The History of England is no exception to this view of Hume's authorship. He had not characteristically or eminently the qualities most necessary to the historian. He was deficient in laborious research and accuracy; and he wanted the knowledge of constitutional and statute law, which his early distaste for his destined profession had prevented his acquiring as matter of course. He distinctly conceived the idea of writing the History of England under the Stuarts, soon after being appointed Librarian to the "Advocates' Library" in Edinburgh. This was natural enough to a man who had laid his account for a literary life. The first volume published contained the reigns of James I. and Charles I. Hume, we are convinced, endeavoured, in his first edition, to do equal justice to the two great parties in the State, and convinced himself that he had done so. In reference to his essay on the "Protestant Succession," he had called himself, six years before, “a Whig, but a very sceptical one." He now writes in reference to his forthcoming History,

"I may be liable to the reproach of ignorance, but I am certain of escaping that of partiality; the truth is, there is so much reason to blame and praise, alternately, King and Parliament, that I am afraid the mixture of both in my composition, being so equal, may pass sometimes for an affectation, and not the result of judgment and evidence." (I. 381.) "The history of the two first Stuarts will be most agreeable to the Tories; that of the two last to the Whigs; but we must endeavour to be above any regard either to Whigs or Tories."-I. 382.

Again:

"I have the impudence to pretend that I am of no party and have no bias. Lord Elibank says that I am a moderate Whig, and Mr. Wallace that I am a candid Tory."-P. 387.

To another correspondent he writes (a lady):

ease,

"In expectation that you are to peruse me at first with pleasure, then with I expect to hear your remarks and Mr. Dysart's and the Solicitor's. Whether am I Whig or Tory? Protestant or Papist? Scotch or English? I hope you do not all agree on this head, and that there are disputes among you as to my principles."-P. 410.

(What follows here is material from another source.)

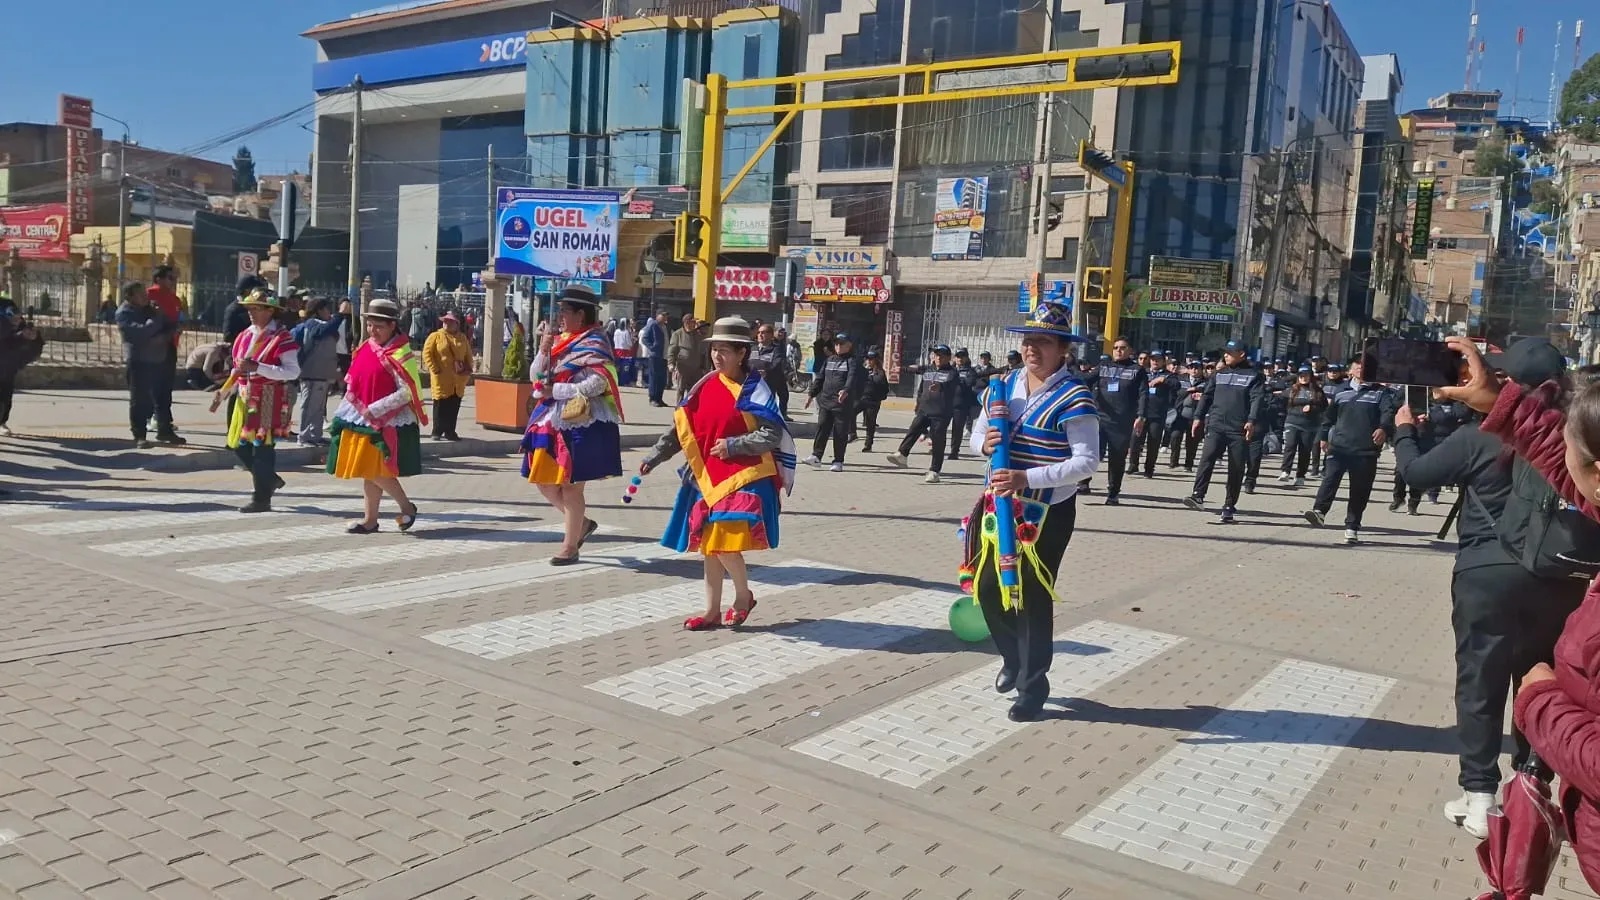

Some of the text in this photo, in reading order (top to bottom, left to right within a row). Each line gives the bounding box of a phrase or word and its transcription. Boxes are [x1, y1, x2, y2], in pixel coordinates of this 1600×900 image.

All this is evidently sincere, and shews with what right-mindedness the attempt at impartiality had been made. But it was as Hume expected; that the first volume would be liked best by Tories at any rate, whether the second was by Whigs or not. And very unwisely, therefore, nay, fatally for the desired reputation of impartiality, he published the one volume without the other, and was forthwith set down as a Stuart partizan. Then he was anxious that public judgment should

wait for the appearance of the second volume; but judgment could not be delayed; and the second could never undo the prestige of the first. In the interval he says of himself,

"With regard to politics and the character of princes and great men, I think I am very moderate. My views of things are more conformable to Whig principles; my representations of persons, to Tory prejudices. Nothing can so much prove that men commonly regard more persons than things, as to find that I am commonly numbered among the Tories."-II. 11.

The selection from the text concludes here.